62      Wat ten tweede een ander door verzoekster aan het Gerecht overgelegd document betreft, volgens hetwelk bepaalde binnenlandse en internationale lijnen die volgens het bestreden besluit uitsluitend door TAROM worden geëxploiteerd, ook door haar concurrenten worden geëxploiteerd, heeft verzoekster ter terechtzitting gepreciseerd dat het om een door verzoekster zelf opgestelde tabel ging, waarin informatie over de luchtroutes voor een bepaalde periode is opgenomen die afkomstig is van een onderneming die gespecialiseerd is in de verzameling en verwerking van gegevens over de verschillende bestaande luchtroutes.
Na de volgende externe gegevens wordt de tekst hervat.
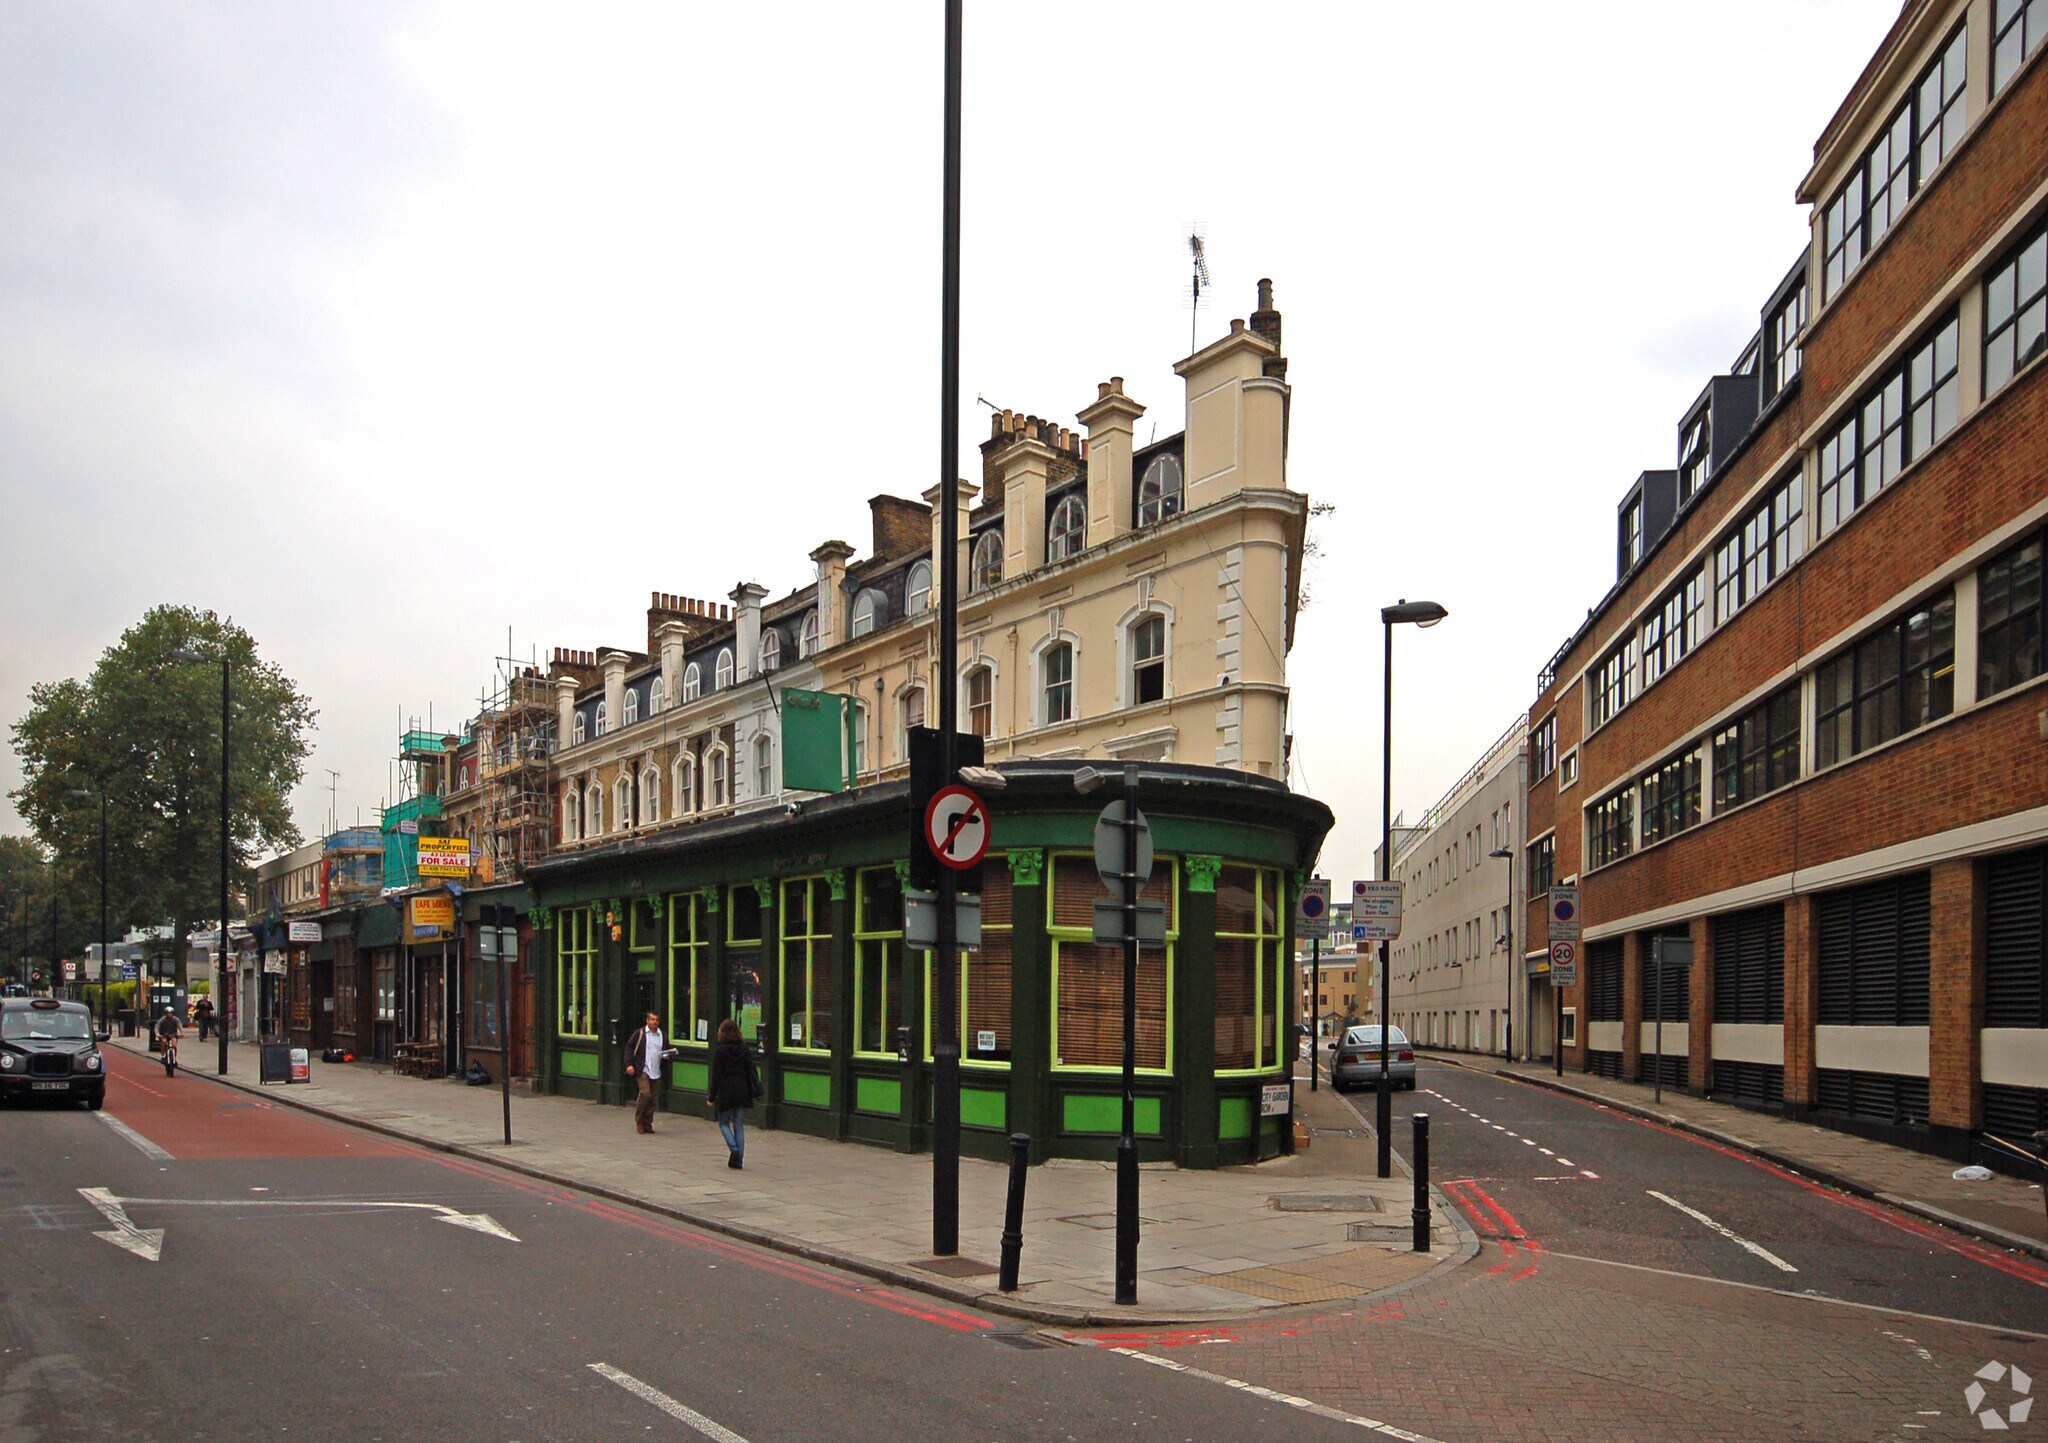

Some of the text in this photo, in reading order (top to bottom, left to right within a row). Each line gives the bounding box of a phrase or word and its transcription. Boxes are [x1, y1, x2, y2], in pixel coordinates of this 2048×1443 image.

63      Gesteld al dat de informatie in die tabel betrouwbaar is, dan neemt dit echter niet weg dat deze informatie bevestigt dat TAROM ten tijde van de vaststelling van het bestreden besluit meerdere van de betrokken luchtroutes alleen exploiteerde, zoals verzoekster overigens erkent. Bovendien wordt in deze informatie met betrekking tot de andere luchtroutes in kwestie niet gepreciseerd dat andere luchtvaartmaatschappijen deze ook met een bepaalde regelmaat – jaarlijks of seizoengebonden – en volgens een bepaalde – met name dagelijkse of wekelijkse – frequentie zouden hebben geëxploiteerd zodat zij met TAROM zouden hebben geconcurreerd. Een dergelijk gegeven blijkt immers noch uit die tabel, noch uit verzoeksters stukken.

64      Gesteld al dat andere luchtvaartmaatschappijen op enig moment in 2019 bepaalde binnenlandse en internationale routes exploiteerden, dan wordt hiermee dus nog niet aangetoond dat het voor deze maatschappijen gemakkelijk was geweest om de door TAROM verrichte dienst bij het verdwijnen van deze onderneming over te nemen op alle lijnen die zij op basis van exclusiviteit exploiteerde.
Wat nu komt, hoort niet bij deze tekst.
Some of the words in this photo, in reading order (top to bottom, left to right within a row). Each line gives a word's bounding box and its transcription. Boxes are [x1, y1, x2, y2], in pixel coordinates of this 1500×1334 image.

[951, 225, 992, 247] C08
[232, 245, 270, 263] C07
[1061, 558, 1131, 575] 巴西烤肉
65      Wat voorts de opmerking van verzoekster in het verzoekschrift betreft dat de informatie in die tabel afkomstig is uit bronnen die tot het publieke domein behoren, zoals de websites van luchtvaartmaatschappijen, dient eraan te worden herinnerd dat, blijkens de in punt 57 hierboven aangehaalde rechtspraak, de Commissie niet verplicht is om uit eigen beweging en bij gebreke van aanwijzingen daartoe, alle inlichtingen in te winnen die voor de bij haar ingediende zaak relevant kunnen zijn, ook al zijn deze inlichtingen openbaar.
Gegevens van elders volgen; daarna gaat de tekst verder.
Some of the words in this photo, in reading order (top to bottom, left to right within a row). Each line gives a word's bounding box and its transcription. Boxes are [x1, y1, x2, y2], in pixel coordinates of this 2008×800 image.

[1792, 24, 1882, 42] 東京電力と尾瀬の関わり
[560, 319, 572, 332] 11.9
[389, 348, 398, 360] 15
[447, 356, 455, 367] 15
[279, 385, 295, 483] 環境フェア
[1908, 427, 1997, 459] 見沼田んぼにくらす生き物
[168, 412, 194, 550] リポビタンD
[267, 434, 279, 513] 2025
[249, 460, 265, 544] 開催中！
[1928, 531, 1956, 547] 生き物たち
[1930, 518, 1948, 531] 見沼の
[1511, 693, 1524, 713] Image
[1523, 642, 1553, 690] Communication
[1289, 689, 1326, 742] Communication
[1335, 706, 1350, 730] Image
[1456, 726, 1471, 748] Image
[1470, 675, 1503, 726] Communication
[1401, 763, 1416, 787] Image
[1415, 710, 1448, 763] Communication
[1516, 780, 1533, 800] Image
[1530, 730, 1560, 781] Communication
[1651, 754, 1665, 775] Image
66      Bovendien heeft verzoekster, zoals zij overigens ter terechtzitting met betrekking tot haar eigen geval heeft erkend, geen bewijs aangevoerd om aan te tonen dat – in het geval dat TAROM van de markt zou verdwijnen – de luchtvaartmaatschappijen die met TAROM concurreren bereid zouden zijn geweest om alle op basis van exclusiviteit door laatstgenoemde maatschappij geëxploiteerde routes over te nemen.

67      Ten slotte, gesteld al dat de vervanging van TAROM mogelijk zou zijn geweest op bepaalde van de betrokken binnenlandse of internationale routes, heeft verzoekster evenmin aangetoond dat deze vervanging, gelet op de waarschijnlijke en imminente stopzetting van de activiteiten van TAROM, op korte termijn had kunnen plaatsvinden om elke onderbreking van de dienst zoveel mogelijk te voorkomen en onder voorwaarden die dicht liggen bij die waarop deze routes werden geëxploiteerd.

68      Dit geldt des te meer daar vaststaat dat TAROM over een stervormig netwerk beschikt en dus een verbinding met de luchthaven van Boekarest kan aanbieden aan passagiers die vanaf regionale luchthavens reizen, terwijl haar concurrenten op andere binnenlandse routes dan die welke TAROM alleen exploiteert, beschikken over netwerken met point-to-pointverkeer. Verzoekster heeft niet betwist dat, zoals de Commissie stelt, de verbinding vanaf de luchthaven van Boekarest naar nationale of internationale bestemmingen zeer geschikt is om de regionale connectiviteit naar volle tevredenheid te verzekeren.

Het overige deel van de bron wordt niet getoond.